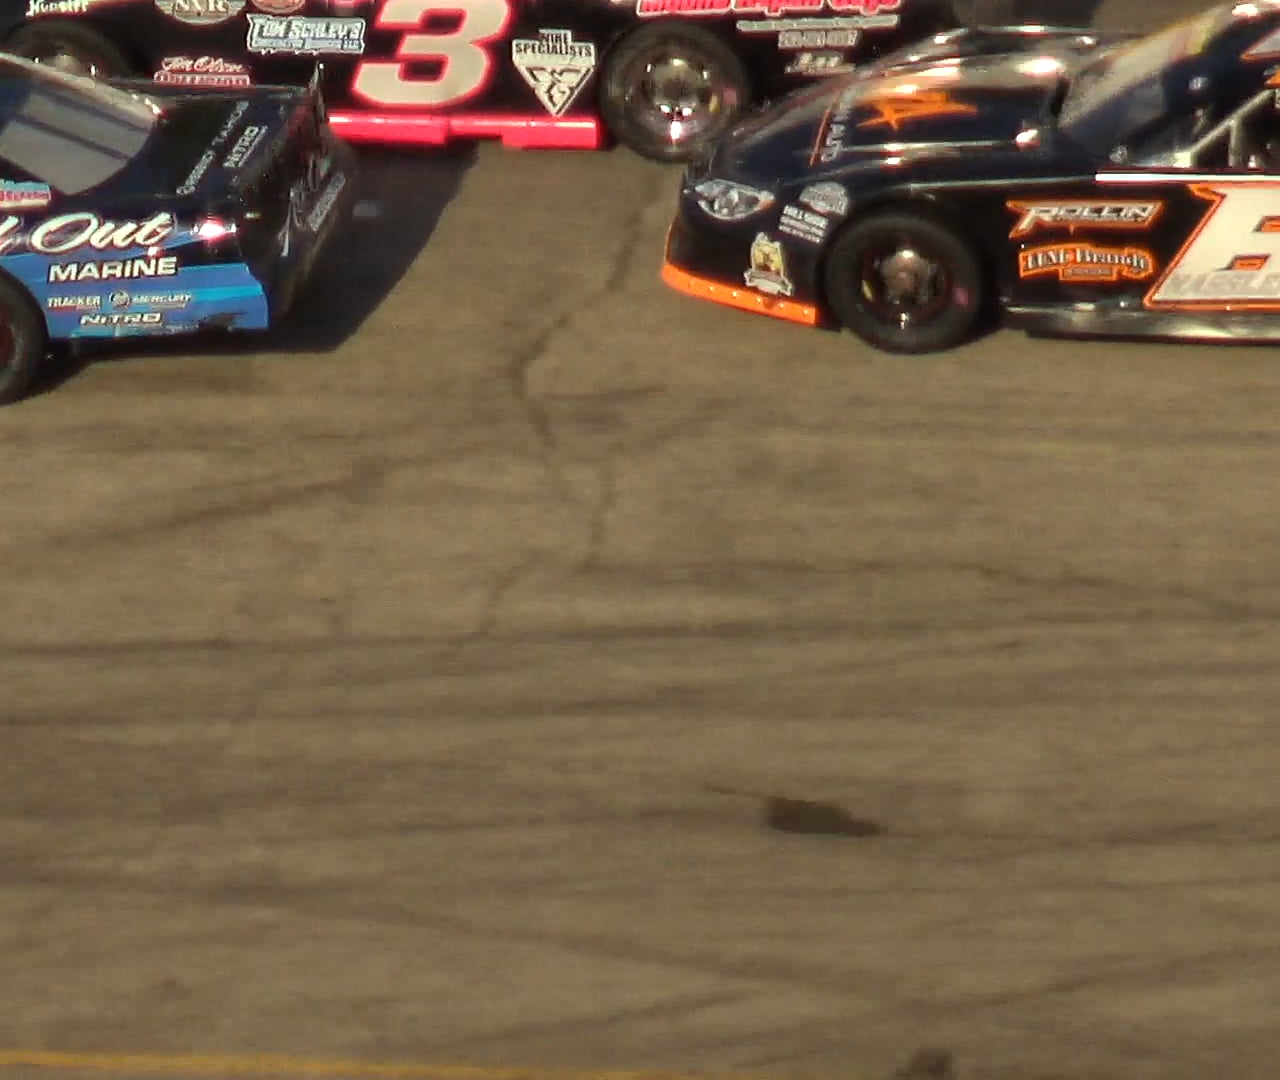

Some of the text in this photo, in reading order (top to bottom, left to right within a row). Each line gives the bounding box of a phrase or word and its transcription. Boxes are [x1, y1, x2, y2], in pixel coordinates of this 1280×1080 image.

[515, 42, 592, 57] SPECIALISTS
[31, 211, 175, 255] Out
[48, 256, 178, 283] MARINE
[48, 295, 102, 309] TRACKER
[80, 311, 162, 326] NITRO
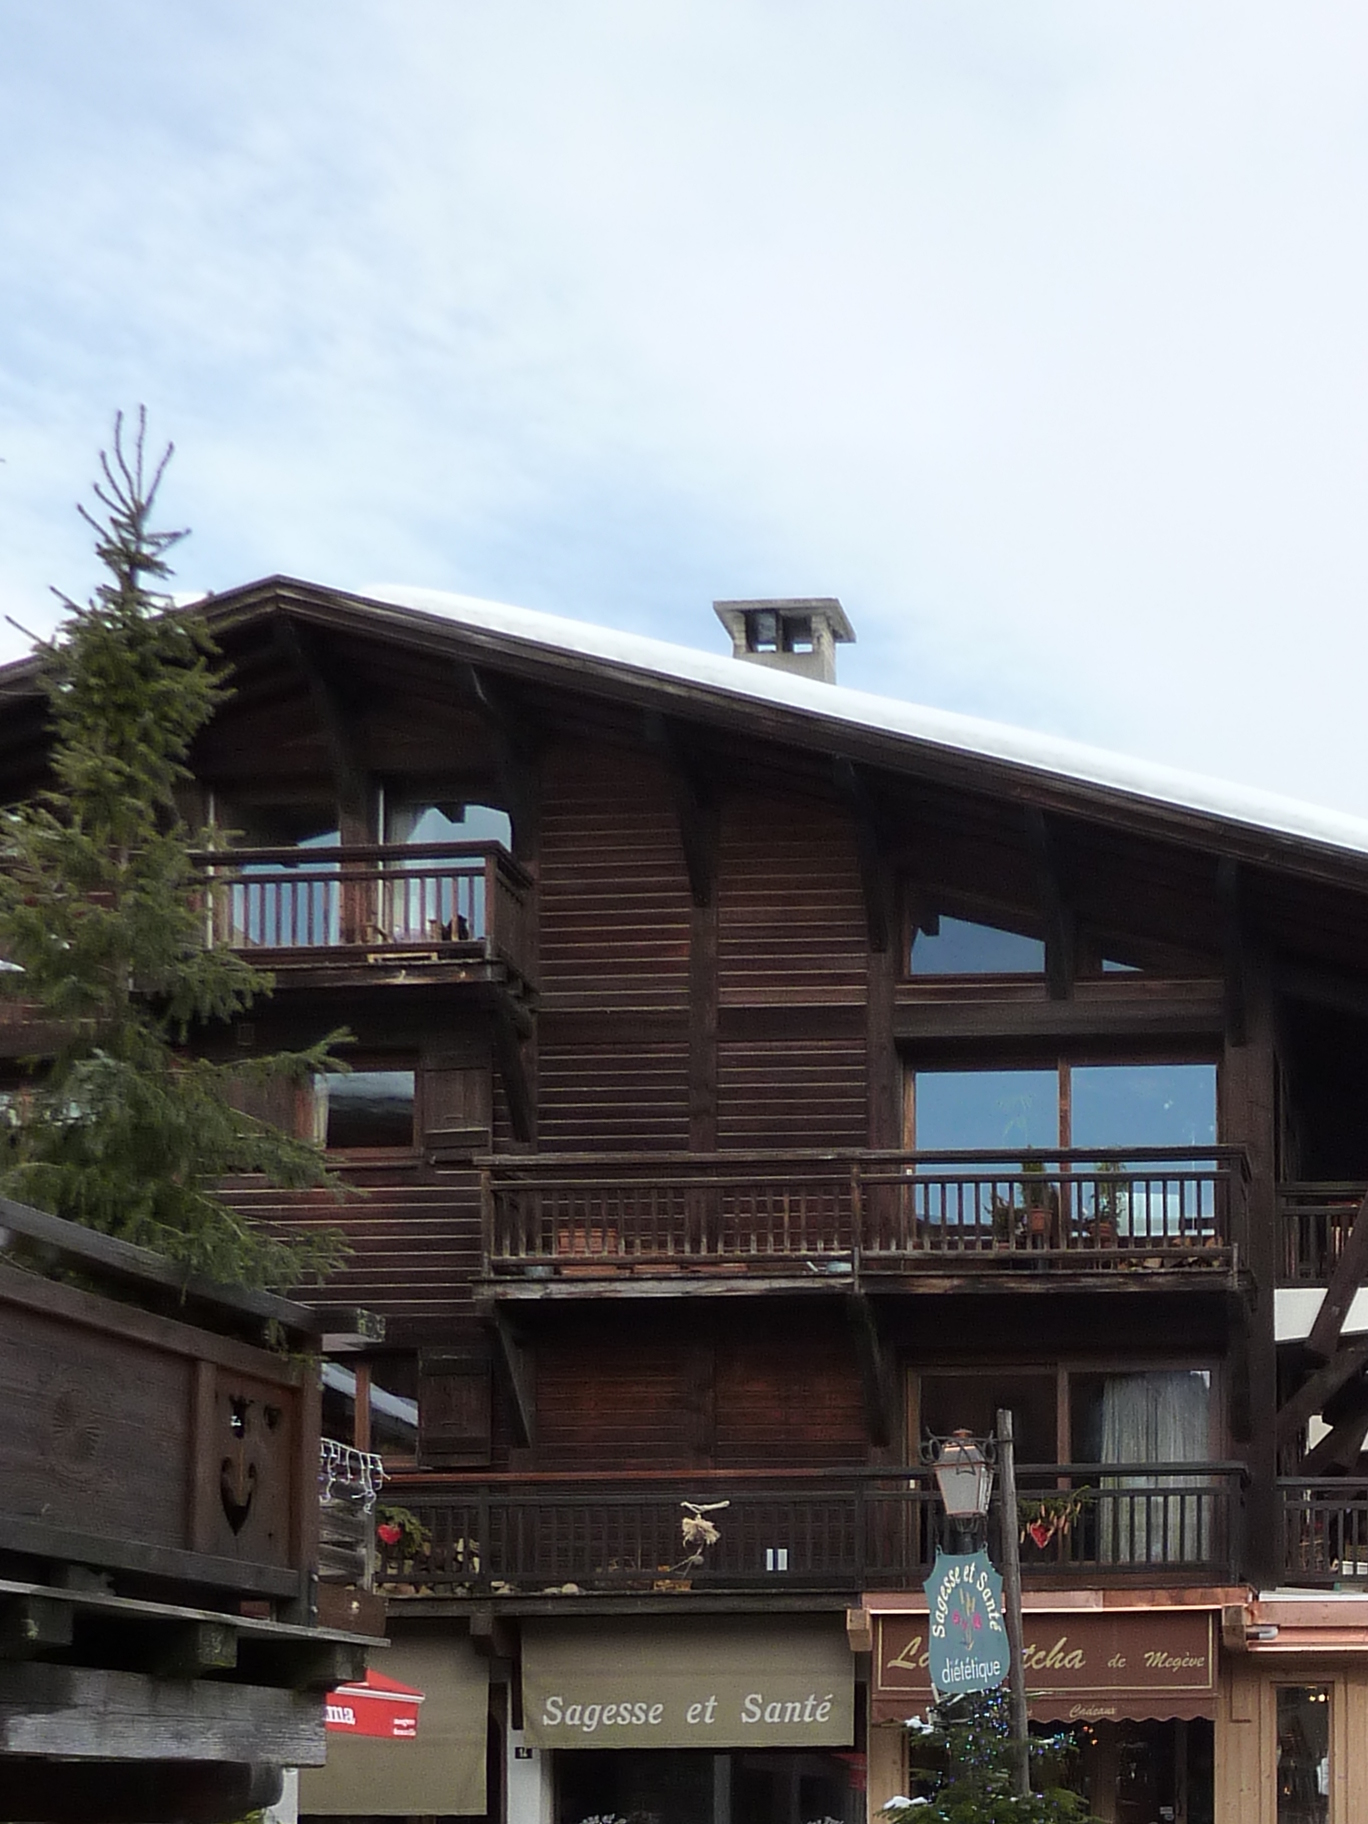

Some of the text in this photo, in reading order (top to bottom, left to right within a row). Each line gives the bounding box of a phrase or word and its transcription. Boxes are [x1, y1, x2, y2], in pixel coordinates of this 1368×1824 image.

[932, 1561, 1003, 1638] Sagesse et Santé
[941, 1656, 1001, 1683] diététique
[1023, 1636, 1087, 1670] tcha
[1107, 1652, 1127, 1668] de
[1143, 1651, 1206, 1673] Megève
[542, 1693, 834, 1732] Sagesse et Santé
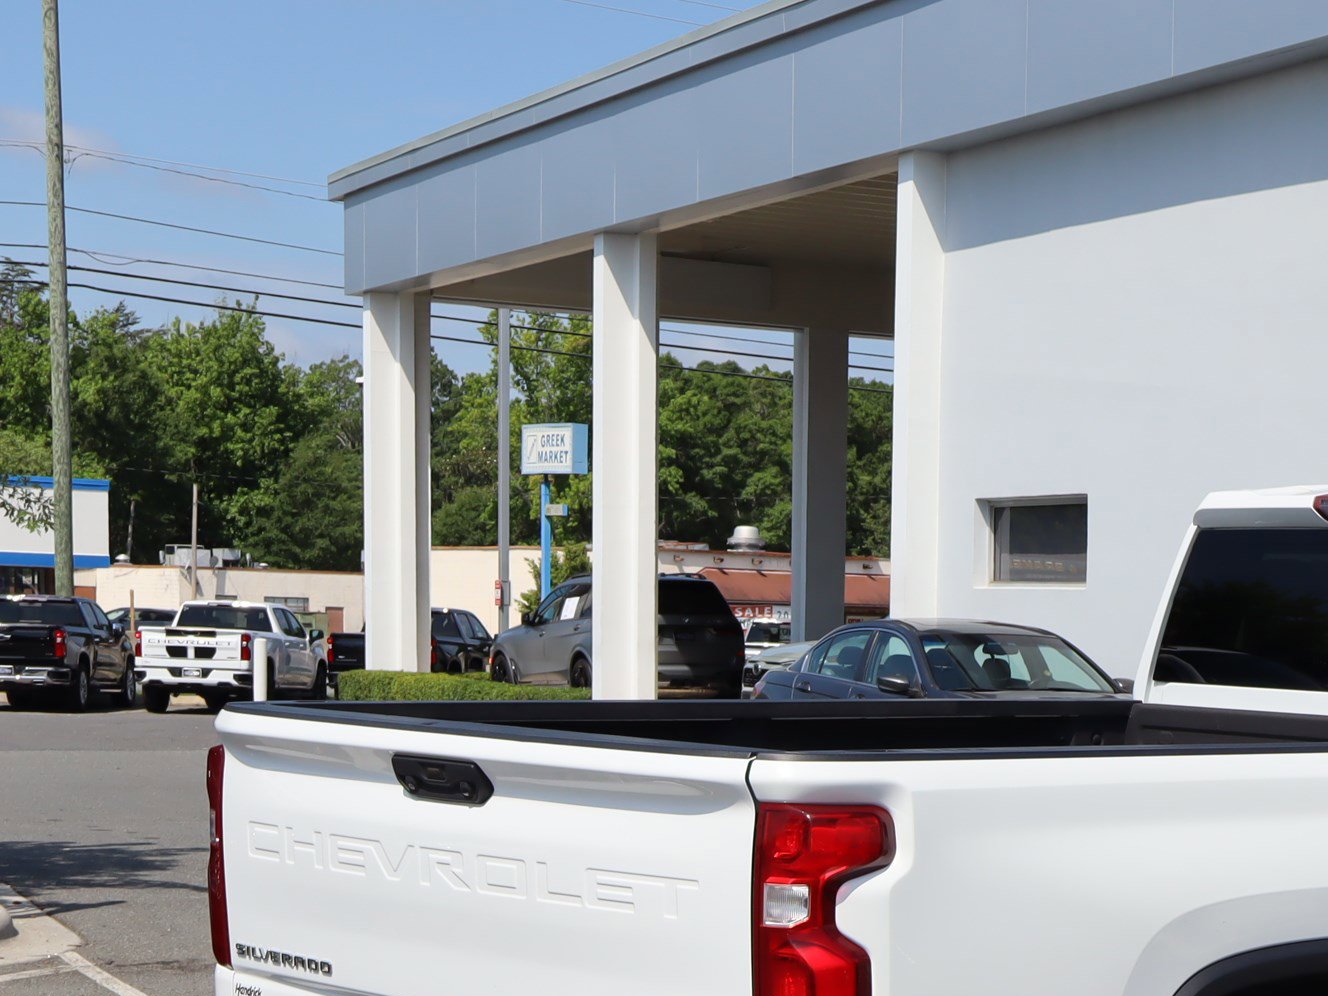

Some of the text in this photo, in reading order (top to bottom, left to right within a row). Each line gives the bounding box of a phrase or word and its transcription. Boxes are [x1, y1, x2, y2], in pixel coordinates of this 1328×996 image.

# # # #

→ EXERCISE INSTRUCTIONS: When you repeat the data, keep every line exact and drop the images.

→ TASK ANSWER:
Some of the text in this photo, in reading order (top to bottom, left to right within a row). Each line gives the bounding box of a phrase or word and its transcription. Boxes are [x1, y1, x2, y2], in pixel coordinates of this 1280×1080 image.

[515, 42, 592, 57] SPECIALISTS
[31, 211, 175, 255] Out
[48, 256, 178, 283] MARINE
[48, 295, 102, 309] TRACKER
[80, 311, 162, 326] NITRO

Some of the text in this photo, in reading order (top to bottom, left to right within a row). Each line gives the bounding box of a phrase or word and its transcription. Boxes are [x1, y1, x2, y2], in pixel coordinates of this 1368×1824 image.

[932, 1561, 1003, 1638] Sagesse et Santé
[941, 1656, 1001, 1683] diététique
[1023, 1636, 1087, 1670] tcha
[1107, 1652, 1127, 1668] de
[1143, 1651, 1206, 1673] Megève
[542, 1693, 834, 1732] Sagesse et Santé

Some of the text in this photo, in reading order (top to bottom, left to right within a row). Each line gives the bounding box of a phrase or word and its transcription. Boxes are [x1, y1, x2, y2], in pixel coordinates of this 1328×996 image.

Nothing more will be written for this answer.